Diagnosis of AUB starts with a medical history and physical examination. This involves specific questions about the menstrual bleeding pattern (including the amount and the presence of pain), family history of AUB and if the person is taking medication that might affect bleeding, such as ginseng, ginkgo, motherwort, contraceptives, nonsteroidal anti-inflammatory drugs, and warfarin or heparin derivatives. Testing the hemoglobin level and doing a pelvic ultrasound is often done. Ultrasound is specifically recommended in those over the age of 35 or those in whom bleeding continues despite initial treatment. Laboratory assessment of thyroid stimulating hormone (TSH), pregnancy, and chlamydia is also recommended.
More extensive testing might include an MRI and endometrial sampling. Endometrial sampling is recommended in those over the age of 45 who do not improve with treatment and in those with intermenstrual bleeding that persists.
Treatment depends on the underlying cause.
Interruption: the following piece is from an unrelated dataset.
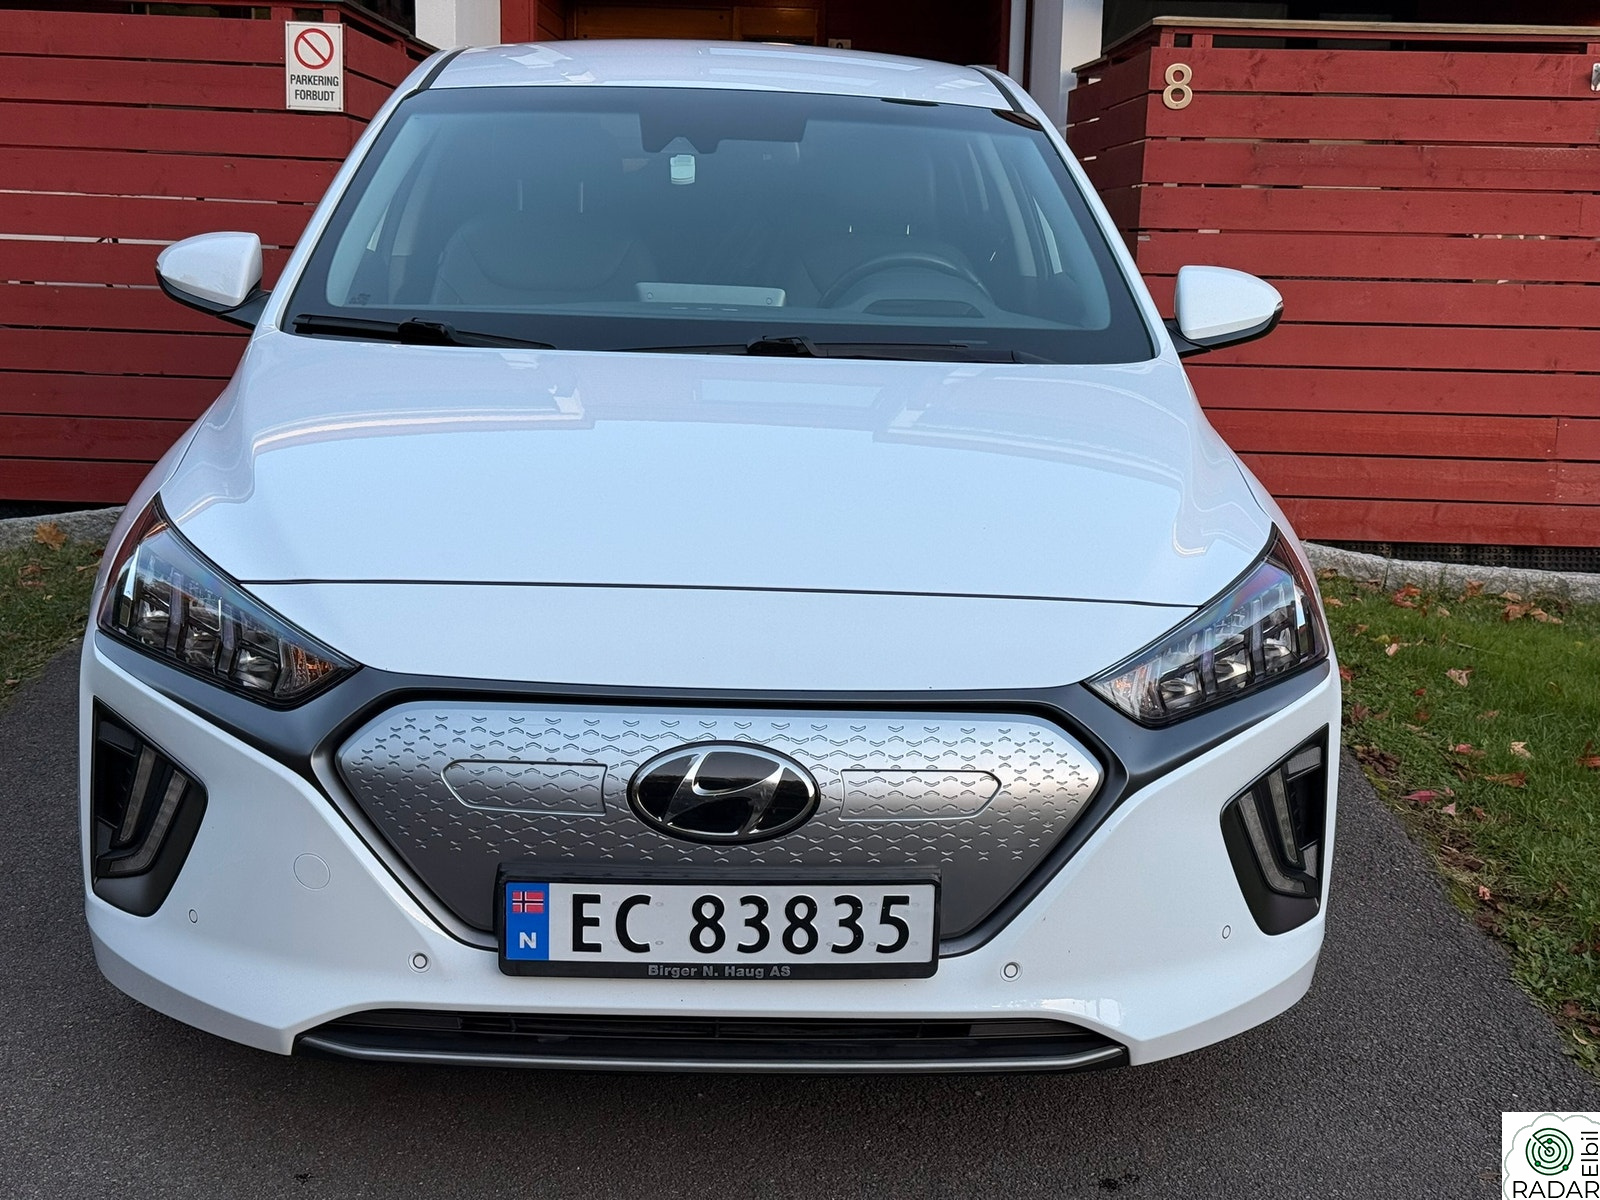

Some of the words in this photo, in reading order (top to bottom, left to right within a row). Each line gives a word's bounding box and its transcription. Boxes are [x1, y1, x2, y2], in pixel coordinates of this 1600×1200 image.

Options may include hormonal birth control, gonadotropin-releasing hormone (GnRH) agonists, tranexamic acid, NSAIDs, and surgery such as endometrial ablation or hysterectomy. Polyps, adenomyosis, and cancer are generally treated by surgery. Iron supplementation may be needed.
The terminology "dysfunctional uterine bleeding" is no longer recommended. Historically dysfunctional uterine bleeding meant there was no structural or systemic problems present. In AUB underlying causes may be present.
AUB is a common condition as it affects more than 70% of all gynecologic consults.